Ma poitrine me fait terriblement mal. "Ne gâche rien". C'est comme si je venais de recevoir une centaine de coups de couteau dans le dos. Comment peut-il être sans-cœur à ce point ?
Une larme coule discrètement sur ma joue.
— Tu m'as manqué, sans blague.
Menteur.
— Ouais, c'est ça.
De sa bouche sort un rire nerveux, puis il revient sérieux.
— Elio, crois-moi sur parole...
Tu te fiches de moi, admet-le.
— Je suis sincère.
Je le regarde, le fusillant du regard :
— Tu m'as abandonné, tu m'as caché ta relation entre toi et elle et maintenant tu es en train de dire que je pourrais tout gâcher ? Dans ce cas, va te faire foutre et ne me parle plus.
Et je m'en vais.

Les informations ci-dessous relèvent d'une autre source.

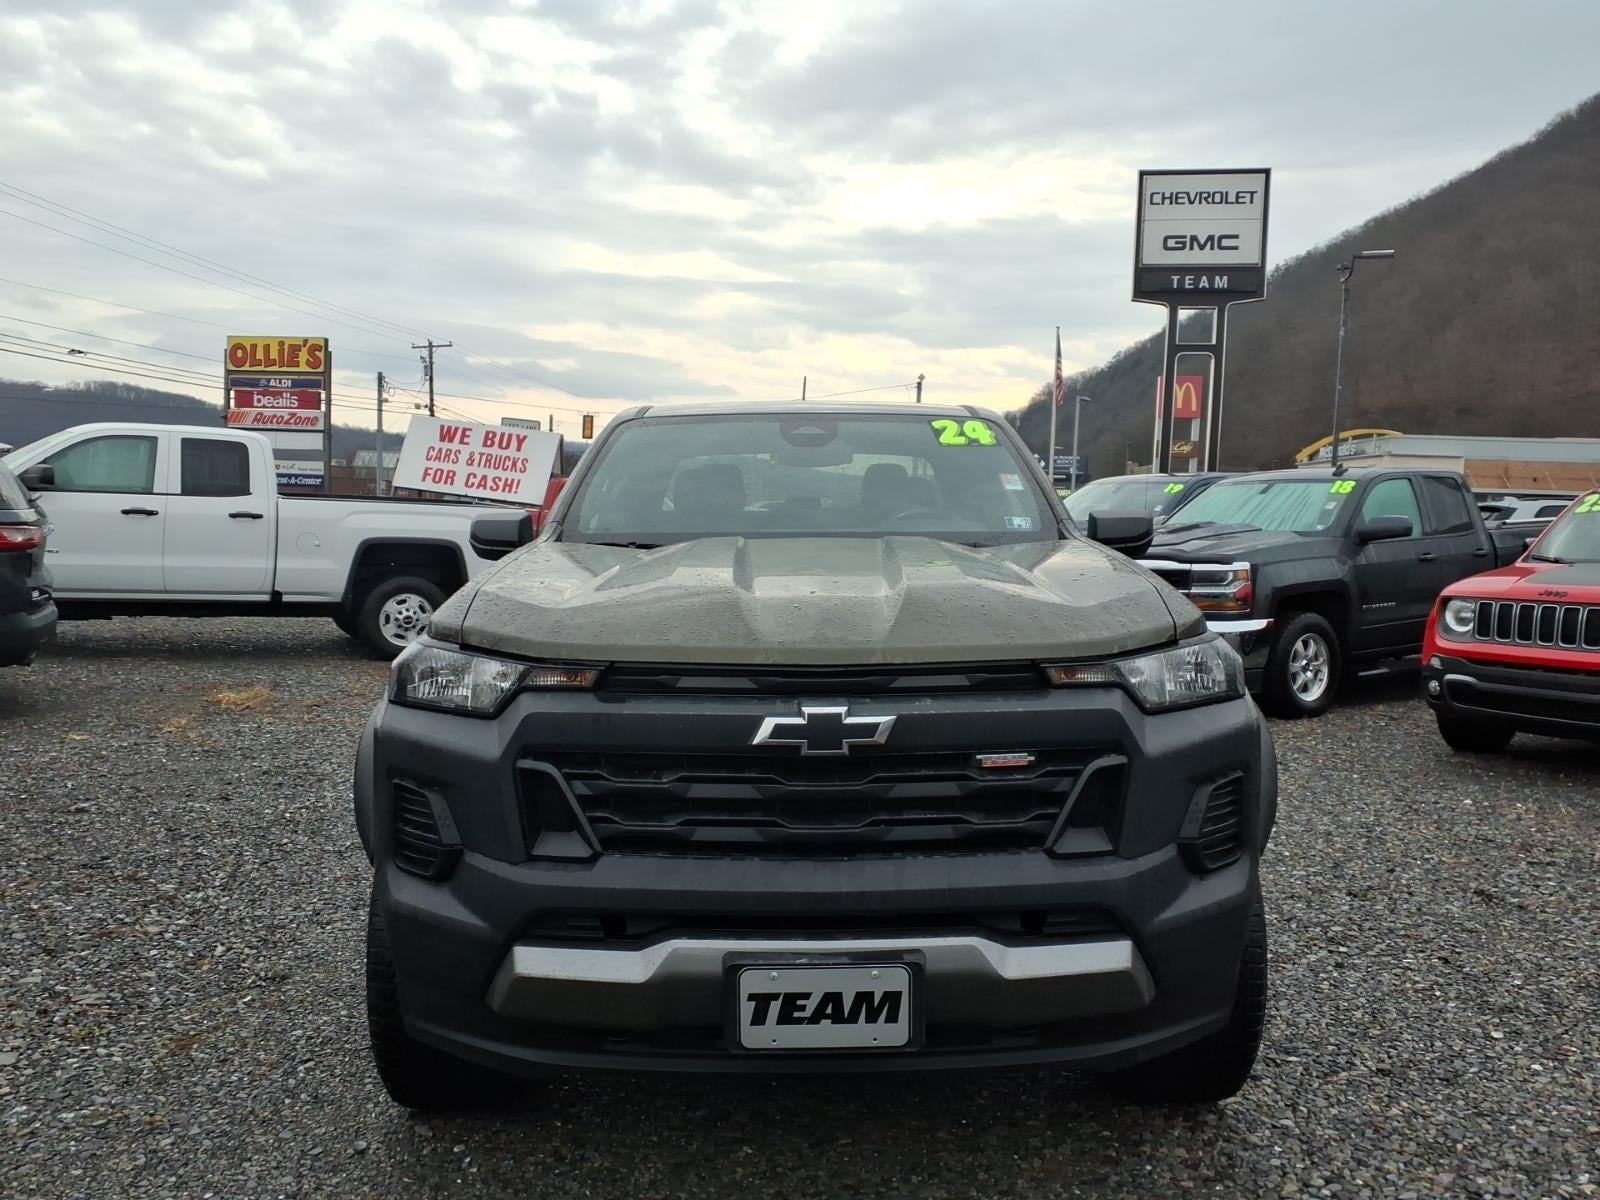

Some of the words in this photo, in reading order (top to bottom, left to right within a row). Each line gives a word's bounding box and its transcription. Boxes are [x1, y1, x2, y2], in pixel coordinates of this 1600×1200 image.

[1150, 190, 1258, 206] CHEVROLET
[1162, 234, 1240, 252] GMC
[1171, 275, 1228, 288] TEAM
[269, 378, 292, 388] ALDI
[254, 391, 299, 408] bealls
[252, 412, 320, 427] AutoZone
[438, 424, 472, 446] WE
[482, 430, 528, 452] BUY
[930, 418, 997, 446] 24
[426, 446, 462, 465] CARS
[277, 476, 322, 485] ent-A-Center
[422, 466, 457, 486] FOR
[464, 472, 522, 494] CASH!
[1329, 480, 1357, 494] 18
[1163, 483, 1184, 494] 19
[1538, 589, 1568, 598] Jeep
[746, 990, 902, 1026] TEAM

Mes yeux sont brillants de larmes. Mon été est gâché, totalement gâché. Je m'enferme dans ma nouvelle chambre et me laisse glisser sur le dos de la porte. Je remonte mes genoux en dessous de mon menton et pleure en silence.
J'entends des bruits provenir derrière la porte.
— Oliver, dit Oliver d'un ton bas à la fois sensuel et érotique à travers la fissure de la porte.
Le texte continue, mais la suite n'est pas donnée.